The ECB is arming itself against the pessimism of the bond market

Long before becoming Italian Prime Minister, Mario Draghi declared that the euro was “like a bumblebee”. In 2012, the then president of the European Central Bank called it “a mystery of nature. . . it should not steal but on the contrary it does”. The economic union is still only half complete, maintained by political will and political creativity. This week, his successors in Frankfurt unveiled their latest improvisation – an improvisation that will really matter to whoever succeeds Draghi as Italian prime minister.

One of the challenges for the Eurozone is to conduct monetary policy in a region where financial conditions vary widely. What happens when investors worry about the sustainability of a government’s debt? This concern can push up local interest rates and can actually mean that the central bank loses the ability to set monetary policy in that country. It’s a bigger problem when rates are higher – and the ECB raised rates this week, by half a percentage point, for the first time in more than a decade.

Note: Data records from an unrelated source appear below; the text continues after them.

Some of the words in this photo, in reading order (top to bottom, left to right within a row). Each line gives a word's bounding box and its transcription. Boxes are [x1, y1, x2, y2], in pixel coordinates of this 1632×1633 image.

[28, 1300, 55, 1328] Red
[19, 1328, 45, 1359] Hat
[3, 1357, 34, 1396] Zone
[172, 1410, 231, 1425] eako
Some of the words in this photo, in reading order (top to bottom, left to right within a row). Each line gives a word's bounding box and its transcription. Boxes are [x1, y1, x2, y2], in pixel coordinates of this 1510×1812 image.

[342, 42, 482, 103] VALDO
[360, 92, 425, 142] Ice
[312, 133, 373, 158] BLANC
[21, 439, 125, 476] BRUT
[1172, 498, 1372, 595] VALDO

This concern is why the ECB on Thursday unveiled the so-called “transmission protection instrument”, which gives the central bank discretion to buy the government debt of eurozone countries where “deteriorating financing conditions [are] not justified by the fundamentals specific to each country”. In short, if the ECB thinks investors are panicking, it will step in to buy debt and thus put a floor under bond prices.

Italy, where Draghi resigned as prime minister this week, is not the only problem, but it is the most pressing; its 10-year borrowing costs this week stood 2.3 percentage points above those of Germany, near a recent three-year high. Italy’s debt amounts to around 150% of GDP.

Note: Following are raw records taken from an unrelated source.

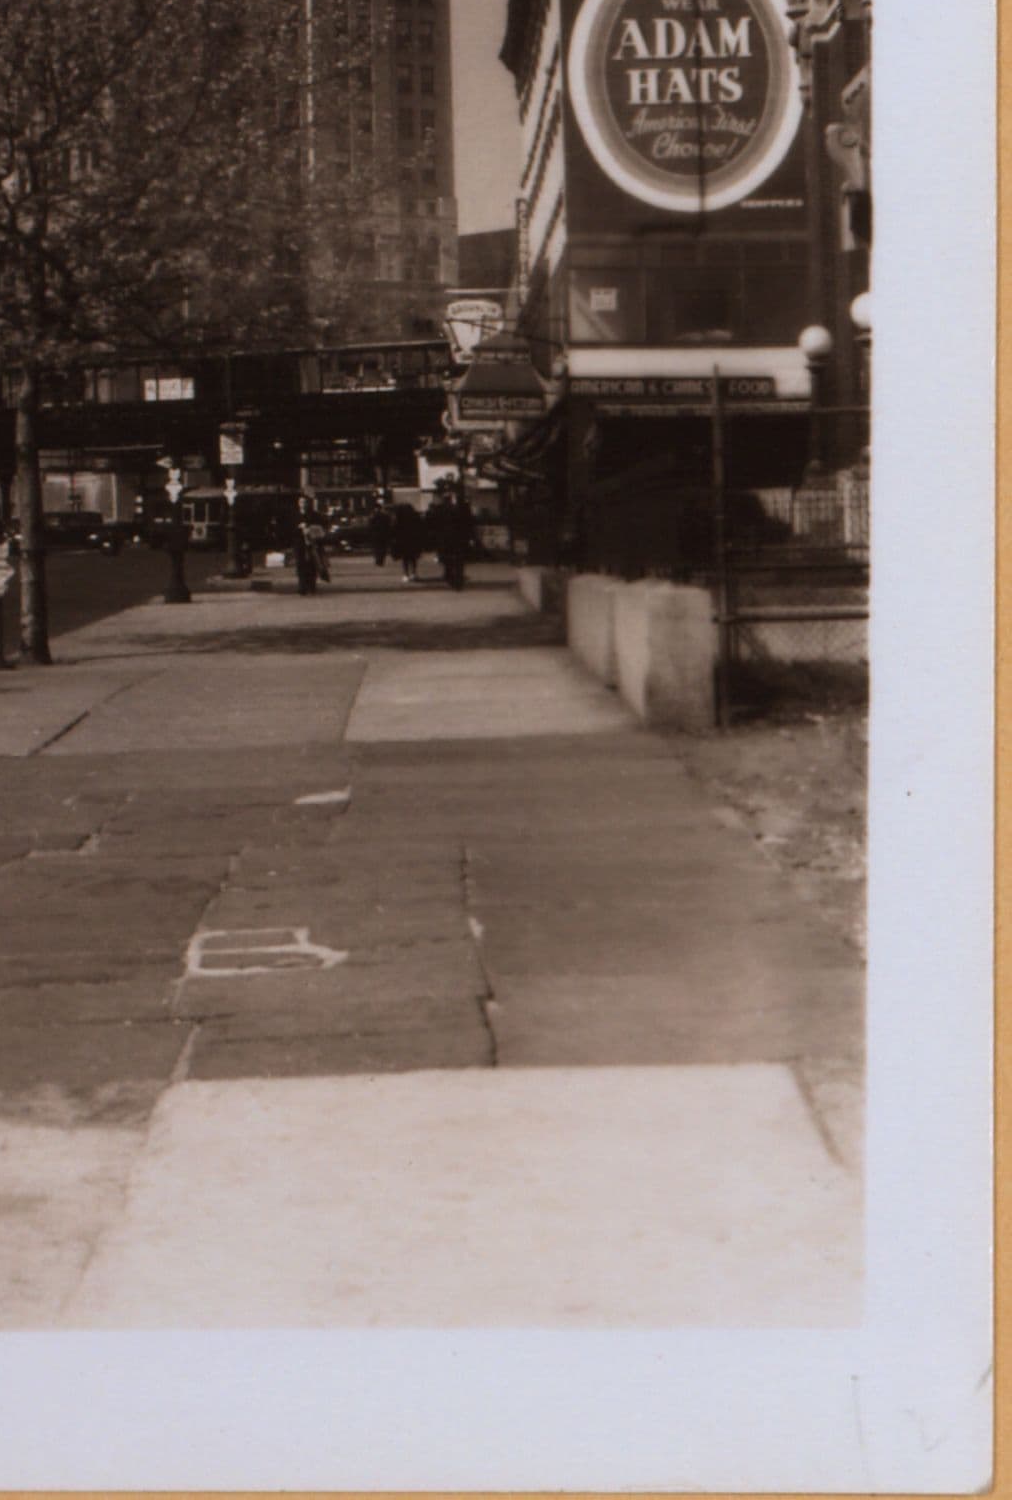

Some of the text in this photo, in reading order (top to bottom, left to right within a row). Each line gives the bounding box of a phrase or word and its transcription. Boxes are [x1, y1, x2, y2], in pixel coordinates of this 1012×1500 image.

[612, 16, 753, 60] ADAM
[625, 65, 744, 105] HATS
[662, 379, 717, 396] CHINES
[727, 379, 774, 396] FOOD
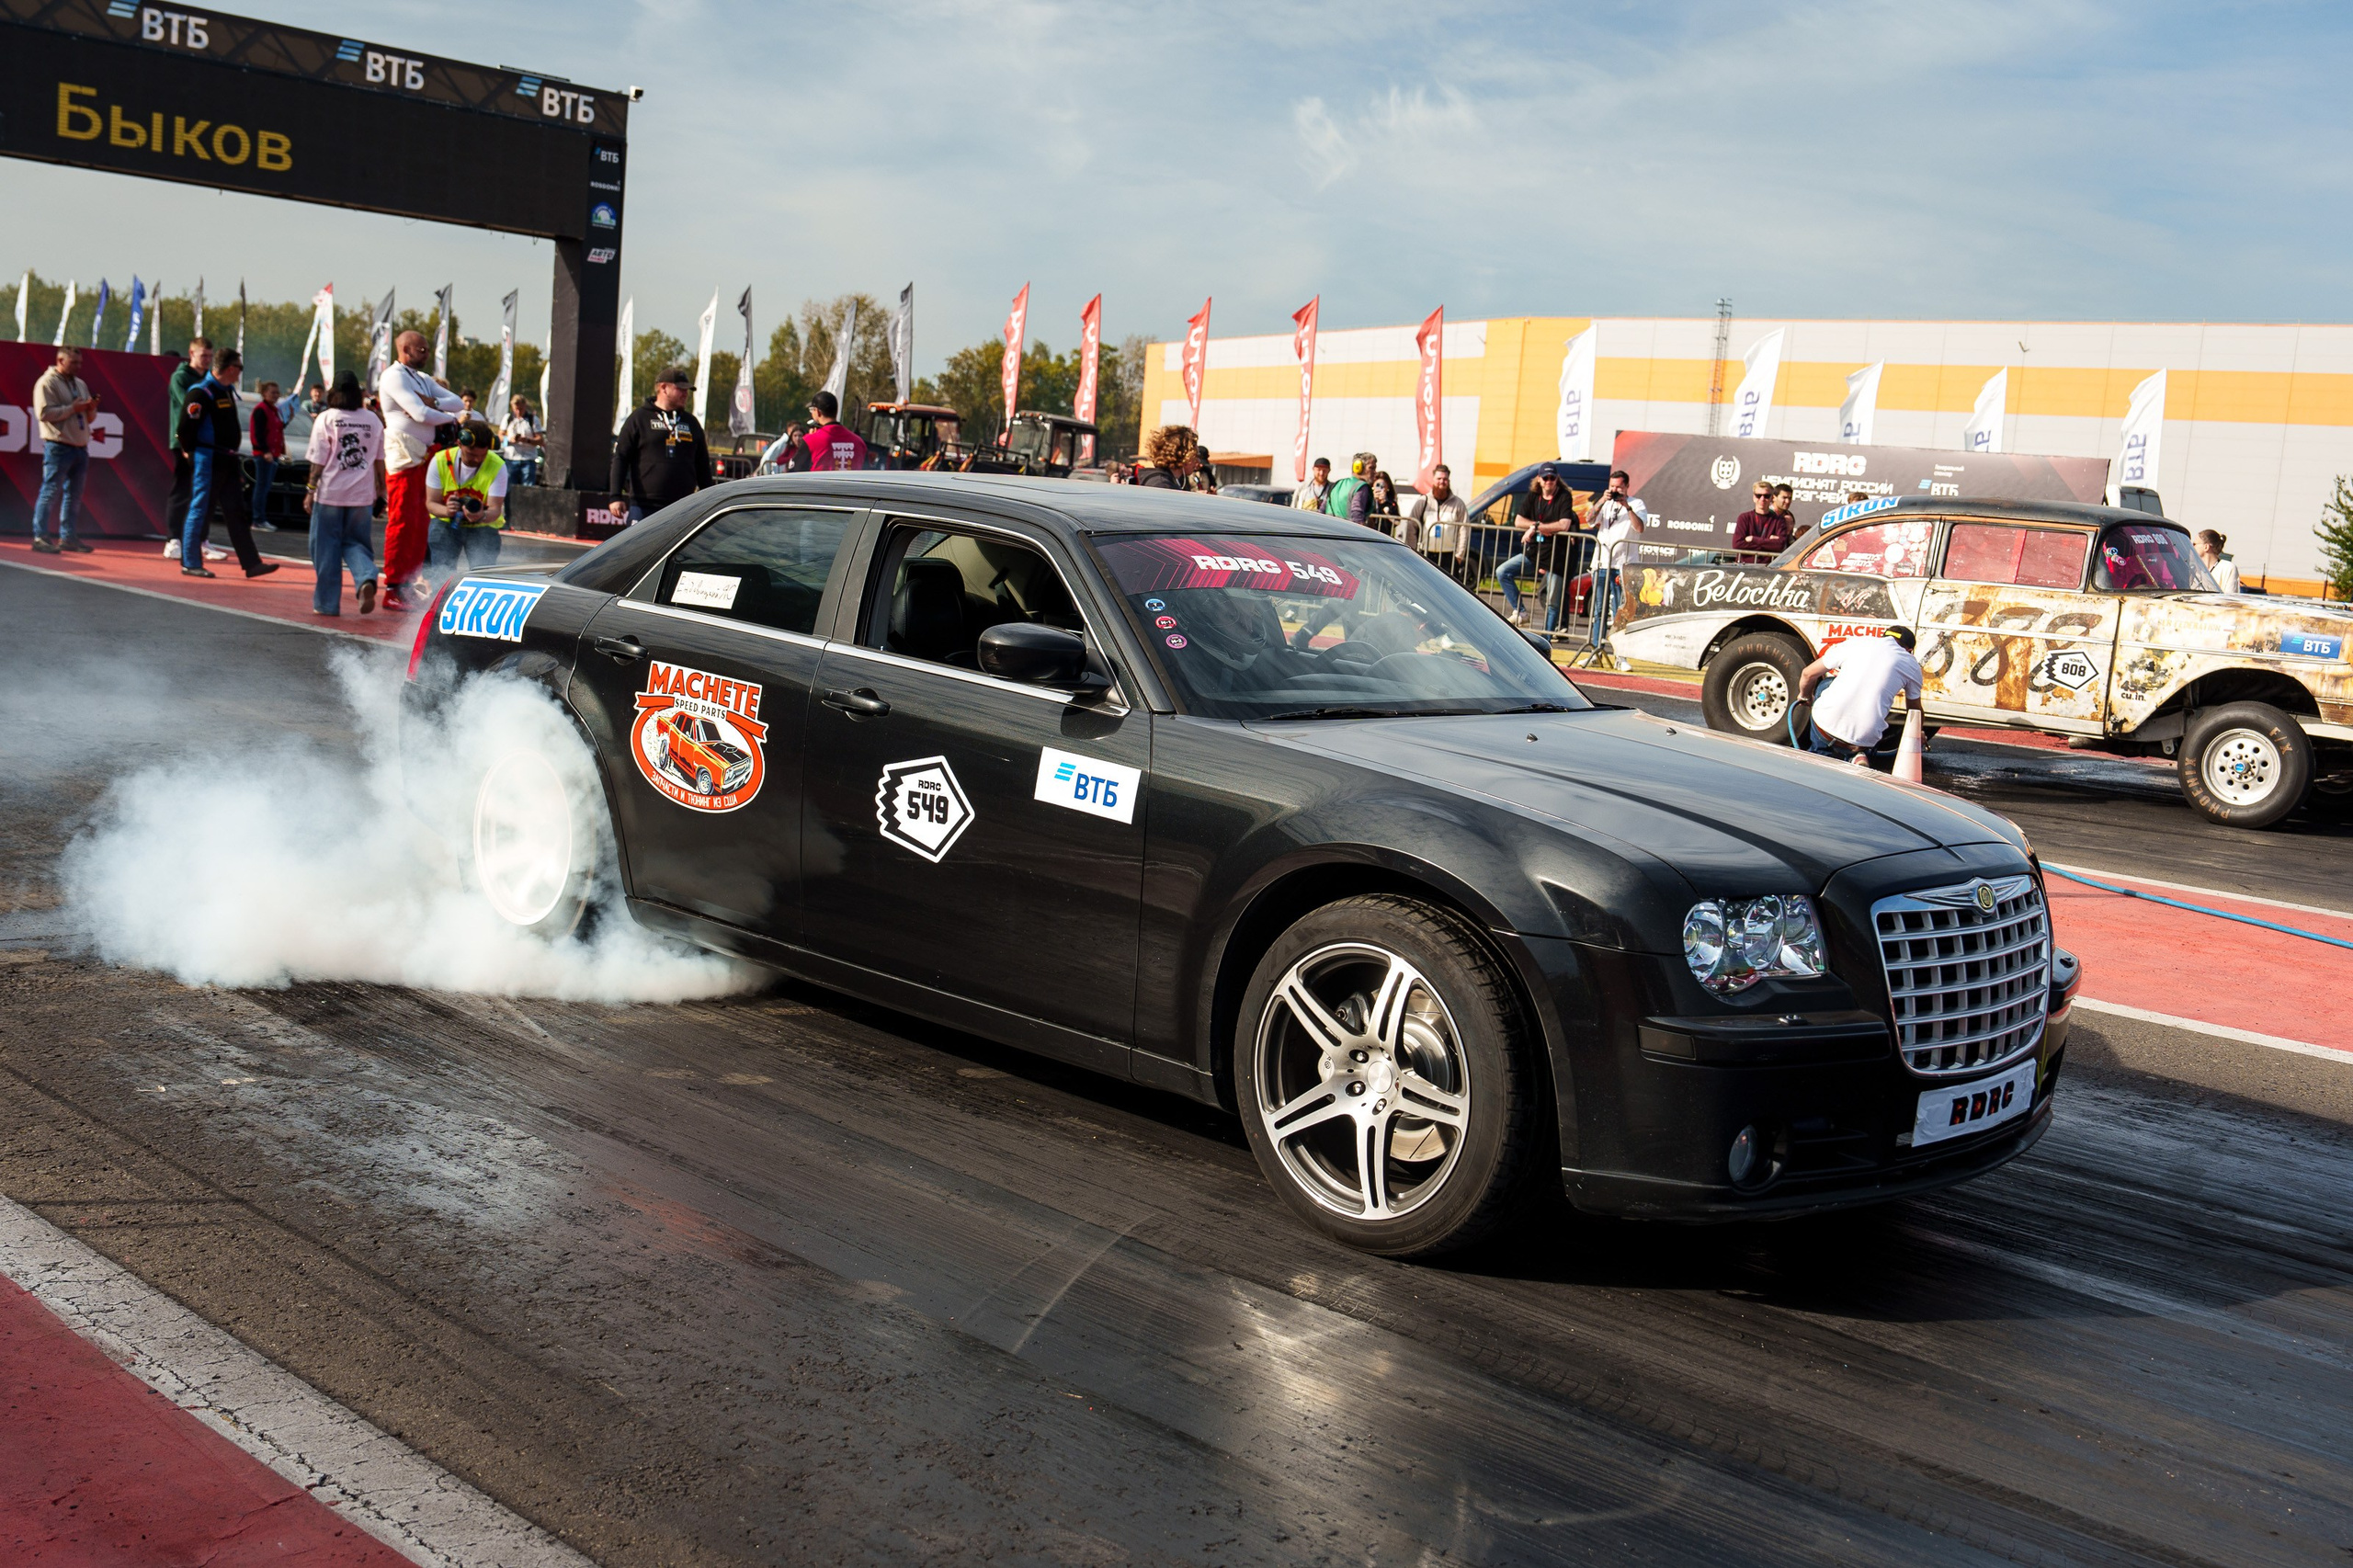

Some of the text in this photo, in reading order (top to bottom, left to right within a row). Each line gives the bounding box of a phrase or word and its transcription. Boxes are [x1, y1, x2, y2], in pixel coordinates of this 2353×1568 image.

[141, 8, 210, 50] ВТБ
[365, 51, 425, 91] ВТБ
[541, 86, 595, 124] ВТБ
[56, 82, 293, 172] Быков
[599, 151, 620, 164] ВТБ
[1792, 451, 1868, 476] RDRC
[1840, 480, 1894, 495] РОССИИ
[1930, 483, 1960, 496] ВТБ
[1645, 513, 1661, 528] ТБ
[1191, 555, 1343, 585] RDRC 549
[1692, 569, 1811, 608] Belochka
[441, 580, 545, 638] STRON
[1828, 624, 1888, 639] MACHE
[1737, 643, 1793, 668] PHOENIX
[2303, 639, 2331, 655] ВТБ
[2061, 662, 2086, 677] 808
[648, 663, 760, 720] MACHETE
[676, 699, 726, 720] SPEED PARTS
[2269, 726, 2293, 756] F/X
[651, 770, 738, 808] ЗАПЧАСТИ И ТЮНИНГ ИЗ США
[917, 779, 941, 791] RDRC
[1074, 773, 1119, 808] ВТБ
[2185, 756, 2232, 819] PHOENIX
[907, 790, 949, 824] 549
[1949, 1080, 2015, 1127] RDRC

It is worth being clear about what all of this means. The shape of the Eurozone debt market is going to be constrained by the ECB, which will limit the difference in borrowing costs between nations. But for states that stand to benefit, this process will also create new dynamics, in part because of the terms of the program.

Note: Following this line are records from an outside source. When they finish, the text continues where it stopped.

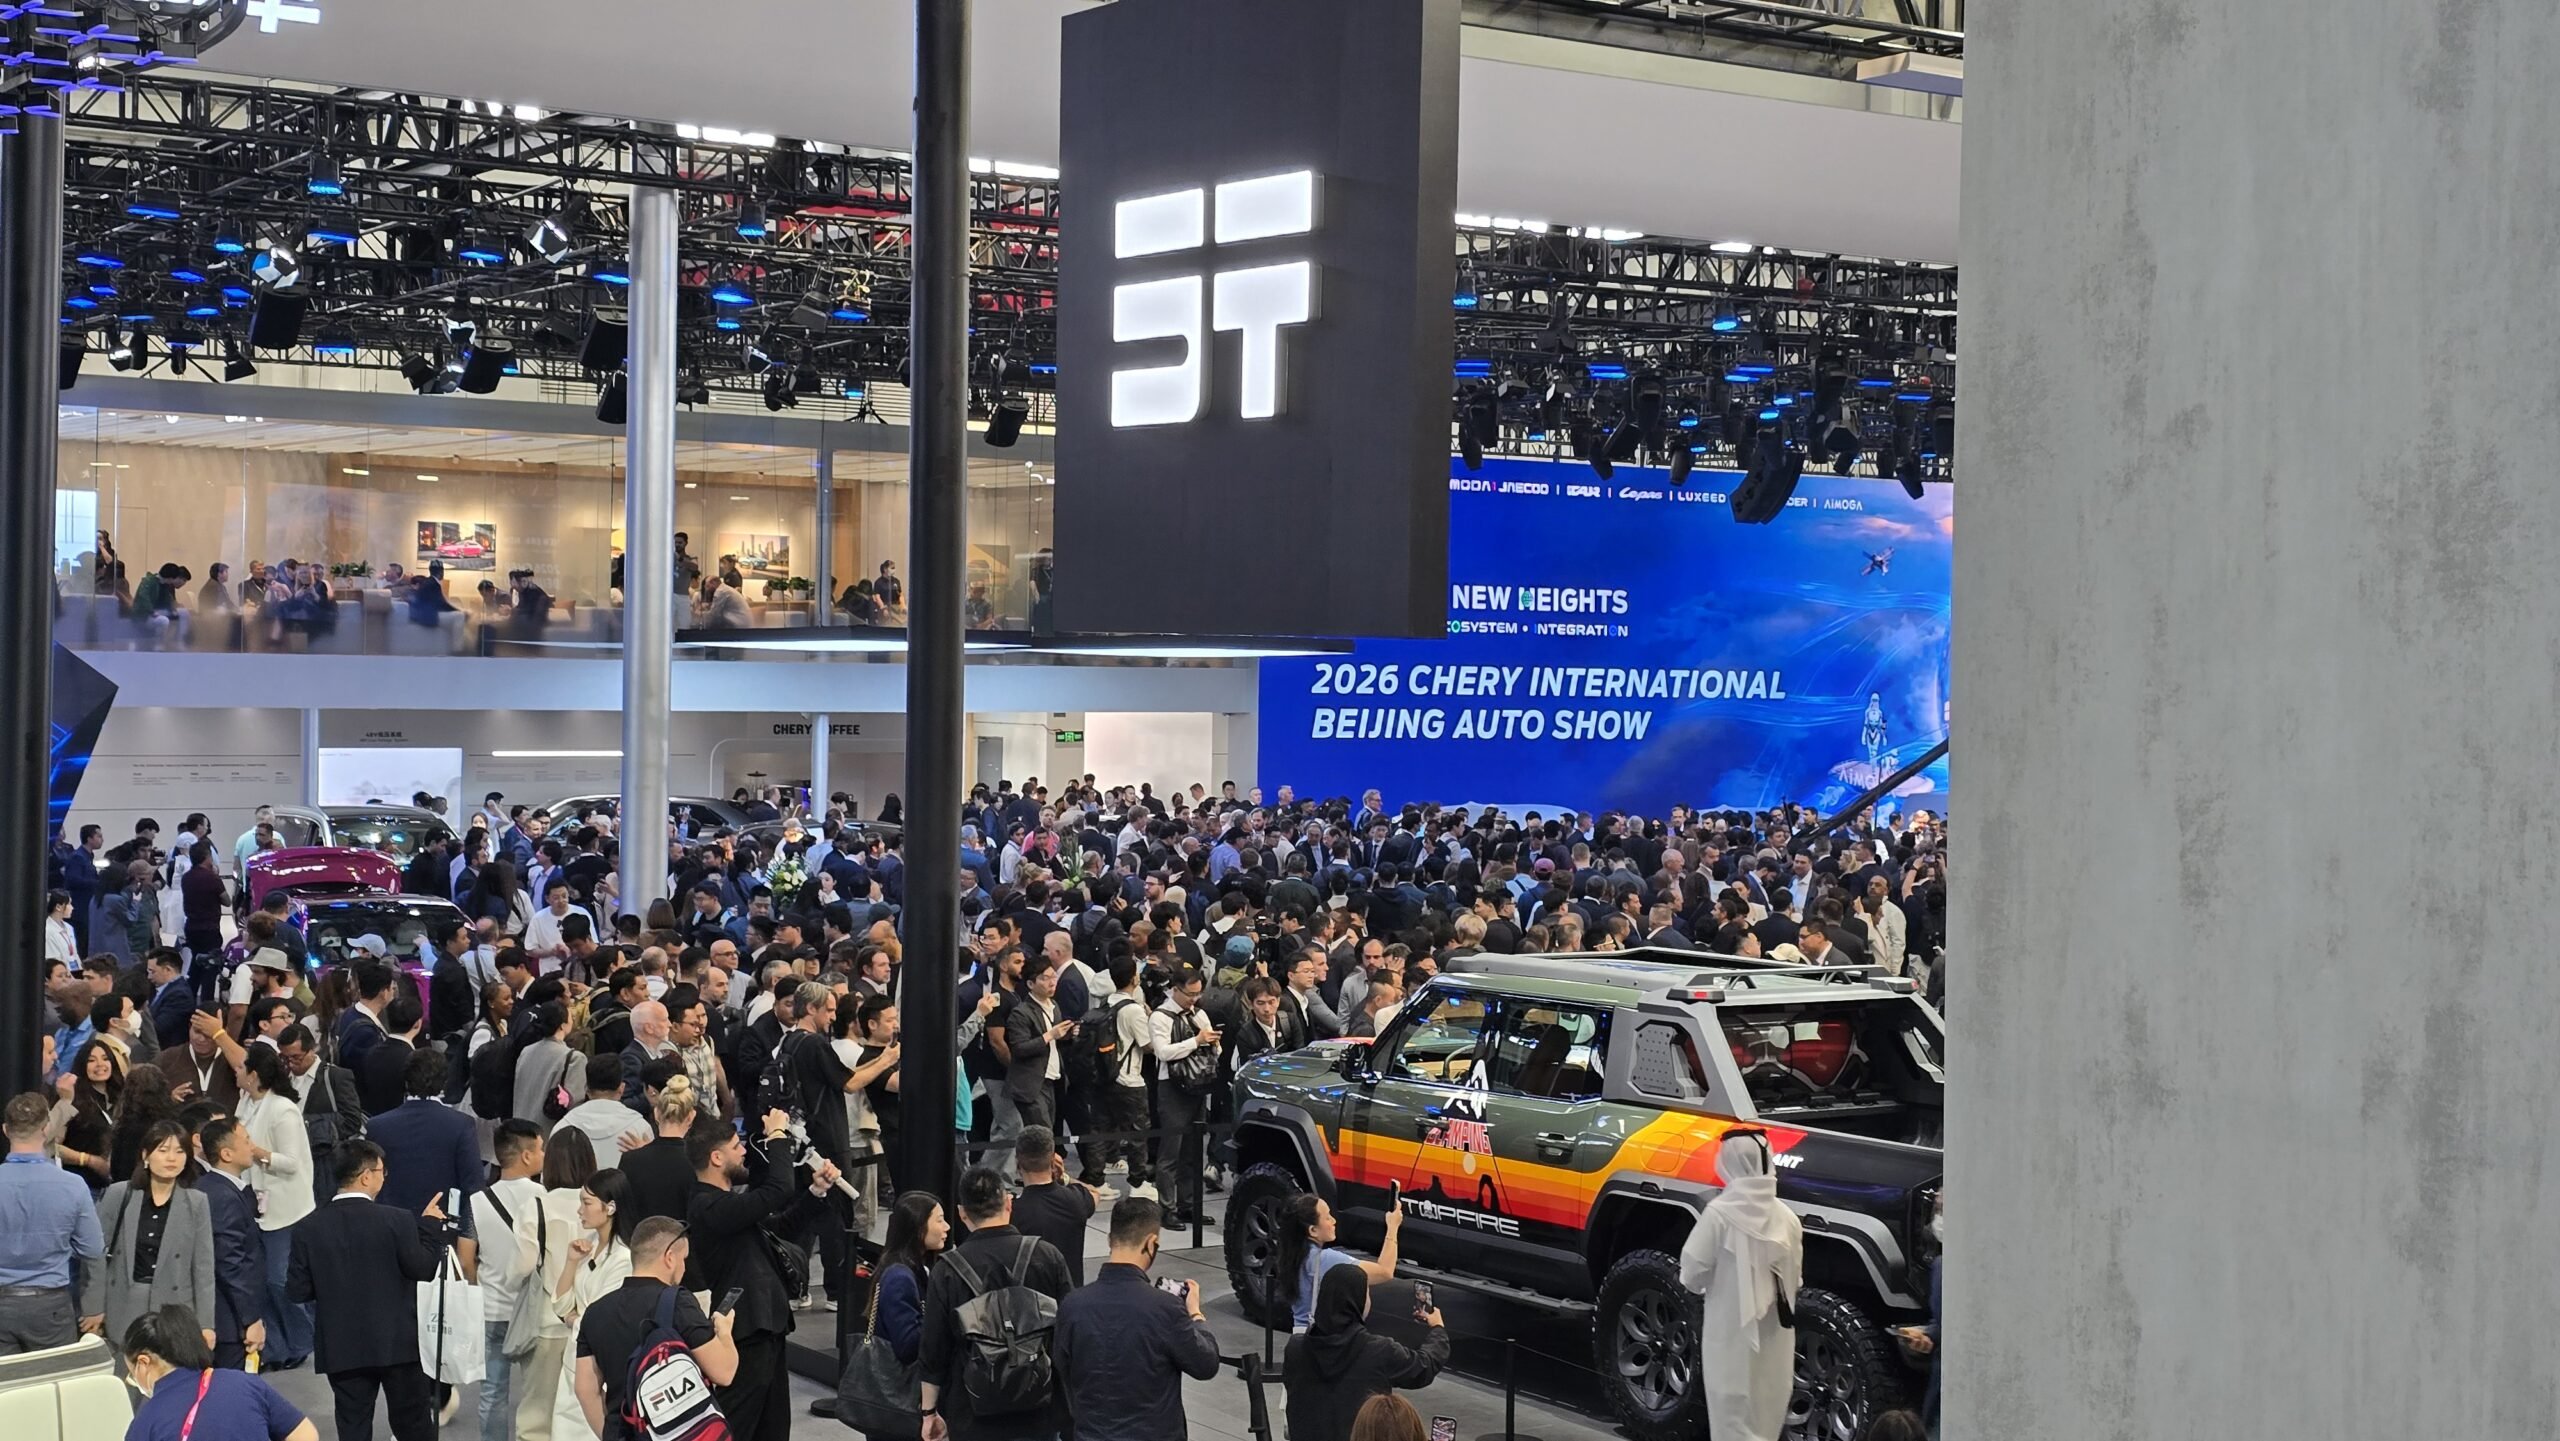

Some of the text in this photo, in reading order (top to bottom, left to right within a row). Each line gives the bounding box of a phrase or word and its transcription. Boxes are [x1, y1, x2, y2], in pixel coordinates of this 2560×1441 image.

[1449, 478, 1491, 491] MODA
[1677, 491, 1727, 503] LUXEED
[1785, 497, 1808, 507] DER
[1452, 584, 1628, 613] NEW HEIGHTS
[1447, 620, 1628, 637] OSYSTEM INTEGRATION
[1311, 663, 1786, 699] 2026 CHERY INTERNATIONAL
[773, 724, 812, 735] CHERY
[1311, 708, 1653, 740] BEIJING AUTO SHOW
[1772, 1153, 1804, 1169] ANT
[1400, 1196, 1521, 1238] TOPFIRE
[649, 1377, 696, 1411] FILA

States whose debt buys out the ECB will have to comply with EU budgetary rules, have a sustainable debt trajectory and ensure that they respect all the commitments they have made in order to access European funds post -pandemics.

This will be of particular importance for Italy. Draghi’s government had negotiated to receive around 200 billion euros from the EU’s post-pandemic recovery fund – and, in return, to make Italy more competitive and business-friendly. In short, Rome was pressured by the rest of the bloc to push through painful reforms. Draghi said on Wednesday that to receive the next tranche of cash – worth 19 billion euros – Italy had 55 separate targets to meet by the end of the year. These reforms must be supported to avoid future crises by making Italy grow.

It is unclear who will form the new government after the next elections, which have been called for September. But the Draghi government, which lasted 17 months, may have put in significant safeguards for everything that follows, because there is a high price in EU funds to walk away from its program. And by linking access to the TPI to the pursuit of these reforms, the ECB has further strengthened the incentives for the next government not to deviate from it – at the risk of risking a massive sale of Italian debt.

But the instrument does not concern Italian politics. This is primarily to ensure that eurozone bond markets are in line with ECB policy as it raises rates to deal with ongoing price shocks. The pressure will mount as European states bear the costs of this inflationary slowdown. Expect more improvisation to keep the bumblebee in the air.